Around 1812, Thomas Jones opened the Llwyneinion Iron Works, after selling both the Bersham and Ponkey iron works. Unfortunately, he ran into financial troubles in 1829 and there was a forced sale of the Llwyneinion iron works to settle his debts. Among the items listed in the auction are "about 60 rail road waggons" and "5 miles of rail road". From this it seems likely that the many miles of rail road listed in the auction had been used to connect the Llwyneinion iron works to the Ruabon Brook Tramway.

In 1846 and 1847, there were a complicated series of mergers and leases as canal companies combined to try to compete with the railways, which included plans to convert some canals to railways, and at the same time the newly formed London and North Western Railway and the established Great Western Railway competed for business and routes. The net result for the Ruabon Brook Tramway was that in 1847 the LNWR leased the line from the Shropshire Union Railways and Canal Company, and it was under the LNWR that the line was upgraded from a tramway to a railway in stages from 1862. Some details of the tramway prior to conversion to a locomotive hauled railway are revealed by the discussions of the Ruabon and Ellesmere railway bill in 1862. According to this account the line at the time served the Wynn Hall colliery (owner Mr Whalley), Afoneitha colliery (John Wright & Co), Cefn colliery (owner Sir Watkin), Dicken's colliery, Plasisa colliery (S. Giller, Sir Watkin) - which also made bricks. The discussion said that orders 'had been given for converting the Shropshire Union tramway into a locomotive line', 'not for the purpose of connecting with the canal, but more in the hope of connecting them to some railway system in our interest'. From this it is clear that the tramway was horse-drawn throughout its life, on which basis the weight loading, signalling, clearances, and other factors would need to be upgraded before it could pass inspection as a railway. At this time the ability to load rail wagons and send them anywhere in the country in a matter of days, meant the canals were in financial trouble. The conversion of a tramway originally designed to feed the canal trade, to a railway connected to the rail network was very much a sign of the revolution in transport occurring at the time.
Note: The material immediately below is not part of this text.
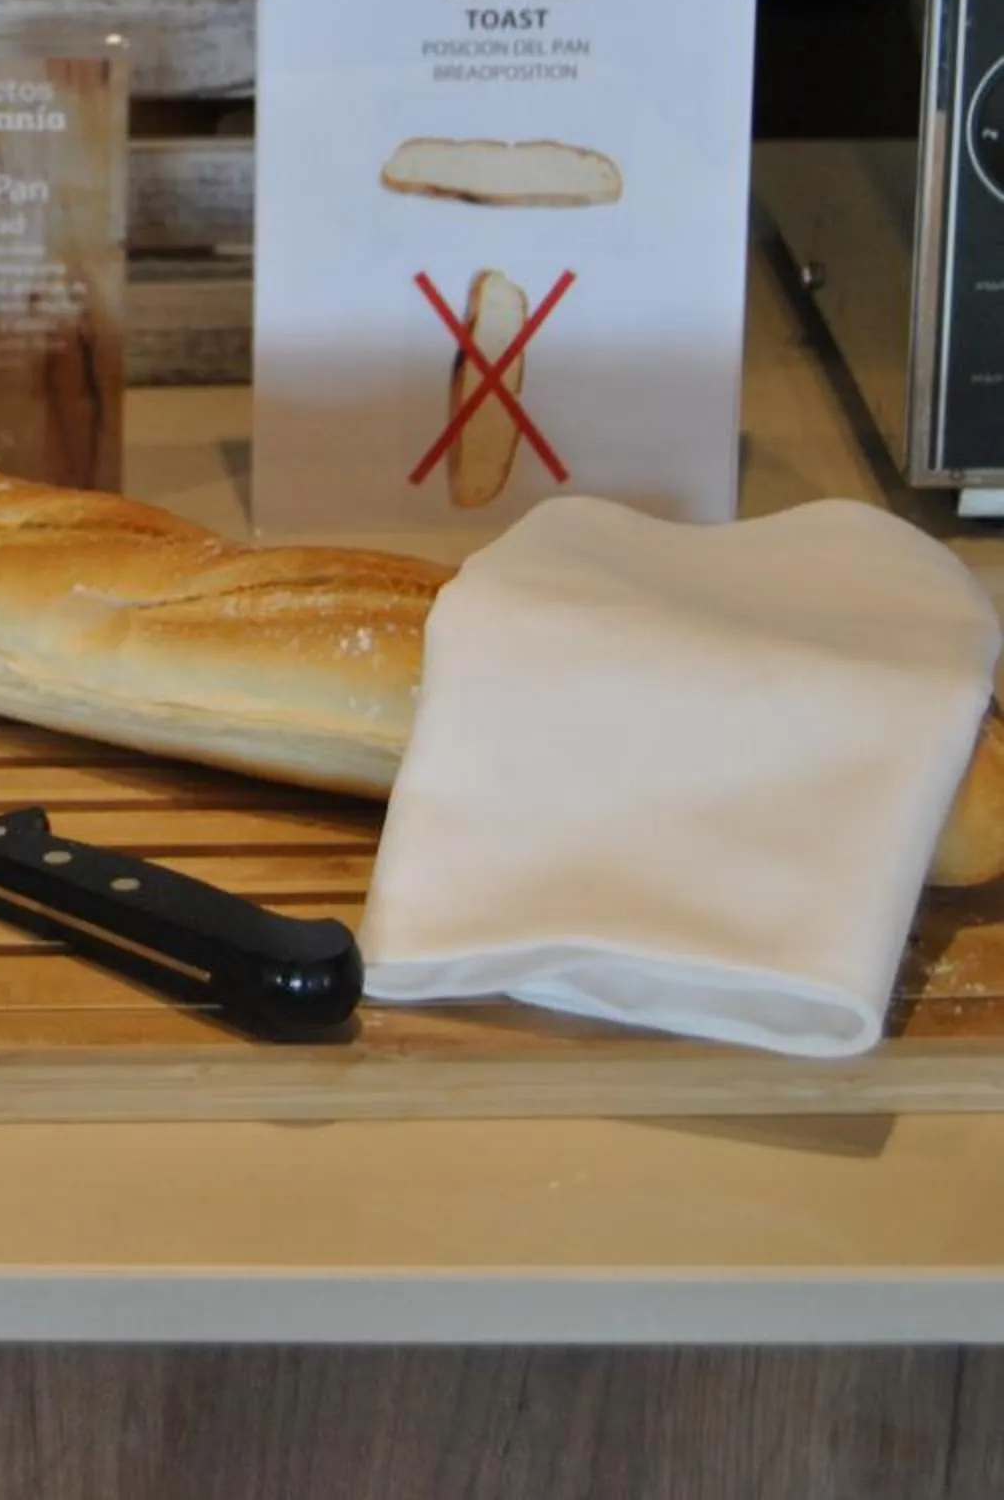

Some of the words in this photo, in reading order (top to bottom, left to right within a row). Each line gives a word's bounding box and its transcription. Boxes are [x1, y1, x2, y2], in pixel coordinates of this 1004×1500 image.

== Shropshire Union Railway (1865-1896) ==

While there are several accounts in 1862 that the LNWR planned to convert the horse-drawn tramway to a steam railway, on the occasion of the opening of the rail branch linking the former tramway (and the Trefynant Brick and Tile works) to Trevor station in January 1866, it is stated that the conversion to railway status took place in the summer of 1865. Following the conversion, a portion of the tramway no longer used in Cefn-Mawr became a public nuisance due to rubbish, and was sold to the Wrexham and District Highways Board in January 1867 for £150 to become a road.

Once converted to a railway, the line was usually referred to as the Shropshire Union Railway, and it appears that ownership remained with the Shropshire Union Railways and Canal Company, with the LNWR as operators. It was extended to the brickworks at Llwynenion just North of Rhosllannerchrugog opening on 30 Jan 1867. While it was purely a goods railway, there is an account in 1870 of a Sunday outing of 'children, teachers and friends numbering above 700' who were conveyed to and from the canal basin from Rhos seated in railway trucks.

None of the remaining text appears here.